Moaaz Manzoor
Pakistan’s textile industry is poised for a potential export boom, as a new trade deal with the US offers lower tariffs, giving the country a competitive edge over regional rivals and signaling a brighter future for its economy, particularly the textile sector, said experts.
Clarifying the tariff landscape, Muhammad Hasan Shafqaat, CEO of Pakistan Textile Council, said, “There remains quite a bit of uncertainty for the next few months. The agreement, finalized in Washington, promises reduced tariffs on exports and increased investment, particularly boosting the textile sector, which drives a $3 billion trade surplus with the US – Pakistan’s largest textile market.”
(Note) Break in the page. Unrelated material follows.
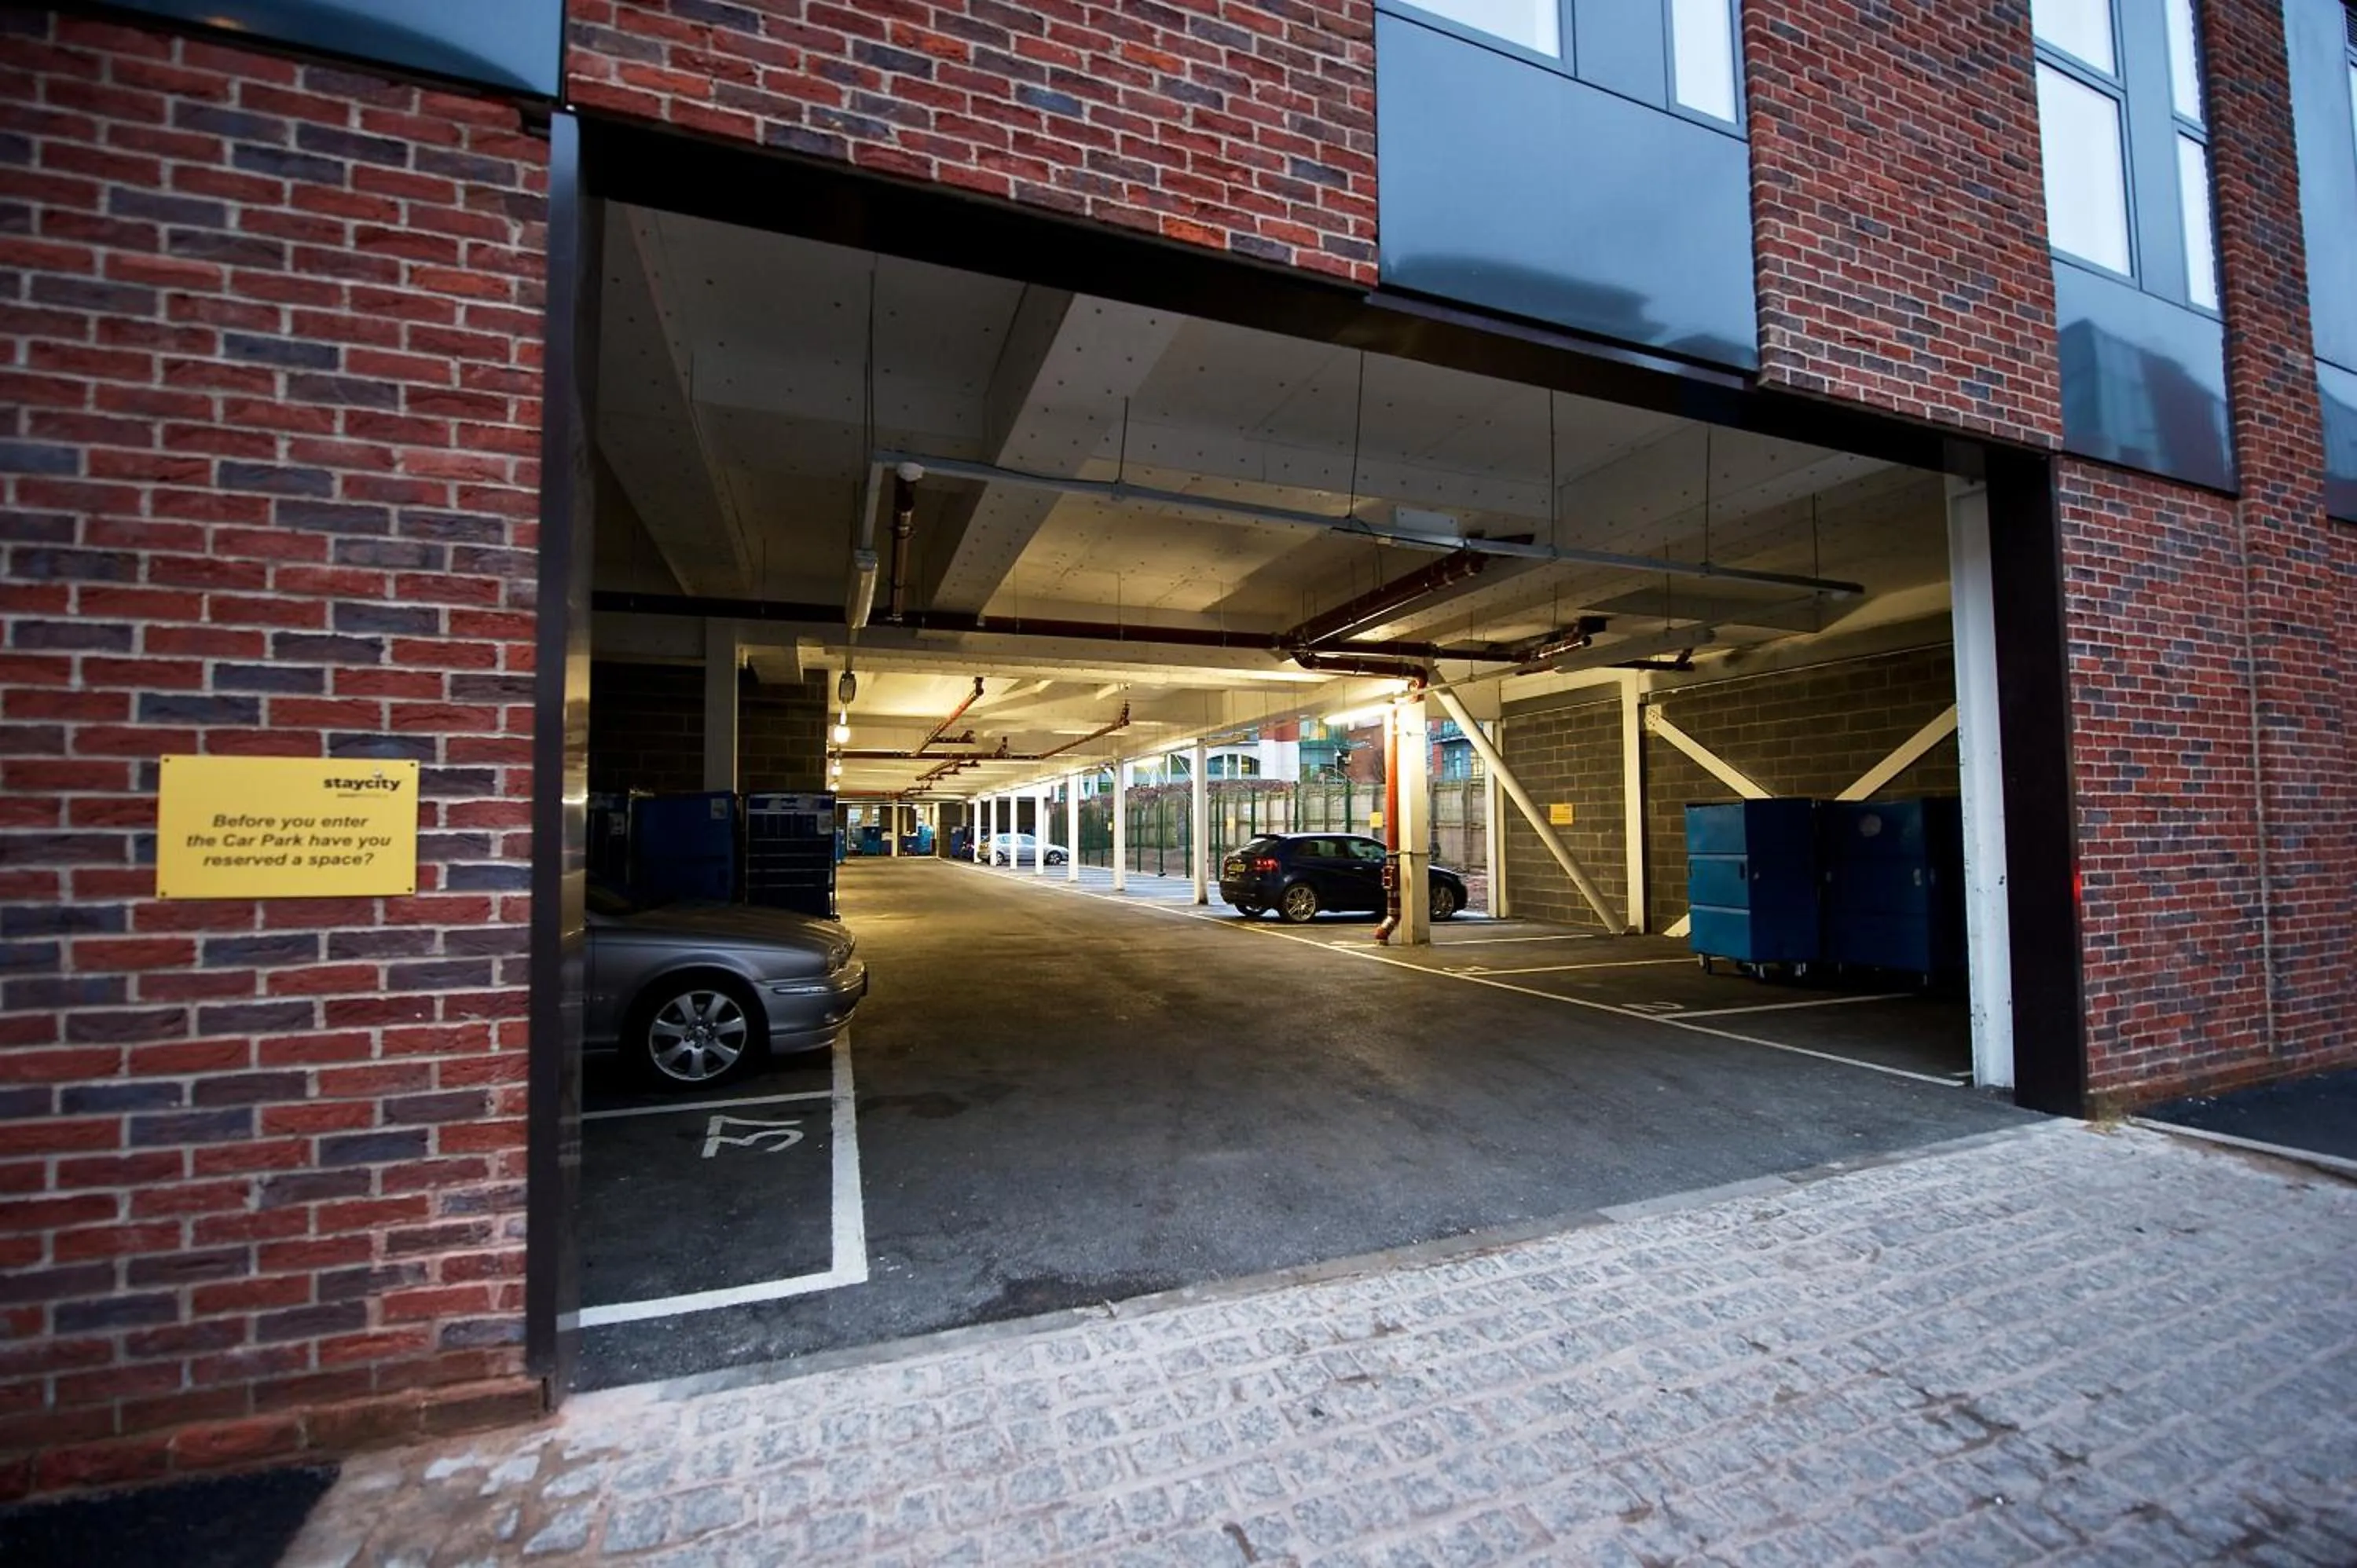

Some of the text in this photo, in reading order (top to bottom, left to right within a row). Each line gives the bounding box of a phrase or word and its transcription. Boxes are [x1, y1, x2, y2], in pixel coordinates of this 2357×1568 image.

Shafqat explained that a 29% reciprocal tariff, imposed on April 2, 2025, atop the Most Favored Nation (MFN) tariff, was paused for 90 days with a baseline of MFN+10% until July 9, later extended to August 1.
Post-negotiations, Pakistan secured a 19% tariff, which Shafqaat noted as largely “neutral” in the US market. Despite expectations of a 10-15% tariff, Pakistan matches competitors like Vietnam, Cambodia, Sri Lanka, and Bangladesh (19-20%), while India faces a higher 25% tariff. However, Shafqaat cautioned that India’s economic advantages, such as subsidies and low business costs, could offset this 6% gap. Indian exporters can easily absorb this 6% difference.
He highlighted the potential for home textile buyers to shift to Pakistan if India’s tariff persists. Still, rules of origin and possible tariff adjustments remain concerns. “Goods transshipped will be charged the higher duties,” he said.
Awais Ashraf, Director of Research at AKD Securities Ltd, emphasized the broader economic impact: “Pakistan has reached a trade agreement with the US, aimed at boosting bilateral trade, expanding market access, attracting investment, and fostering cooperation in areas of mutual interest.”
He noted that lower tariffs compared to regional peers India (25%), Sri Lanka (20%), Bangladesh (20%), and Vietnam (20%) position Pakistan favorably. “We expect the revised structure of tariffs to materially improve textile exports, given expected lower competitive tariffs compared to regional peers.”
The US, which absorbs 18% of Pakistan’s exports, primarily textiles (US$4.7 billion in FY25), stands to drive growth. Ashraf also highlighted opportunities in non-textile sectors like cement, with exports to the US rising 3.4x in FY25, and emerging players like PAEL entering with transformers.
By aligning tariffs and fostering investment in textiles, minerals, and technology, Pakistan strengthens its economic position against regional competitors. Pakistan’s tariff advantage under the US trade deal positions its textile sector for growth, though uncertainties in tariff adjustments and rules of origin persist. Declining energy costs and strategic investments further bolster export potential, offering a competitive edge in the US market.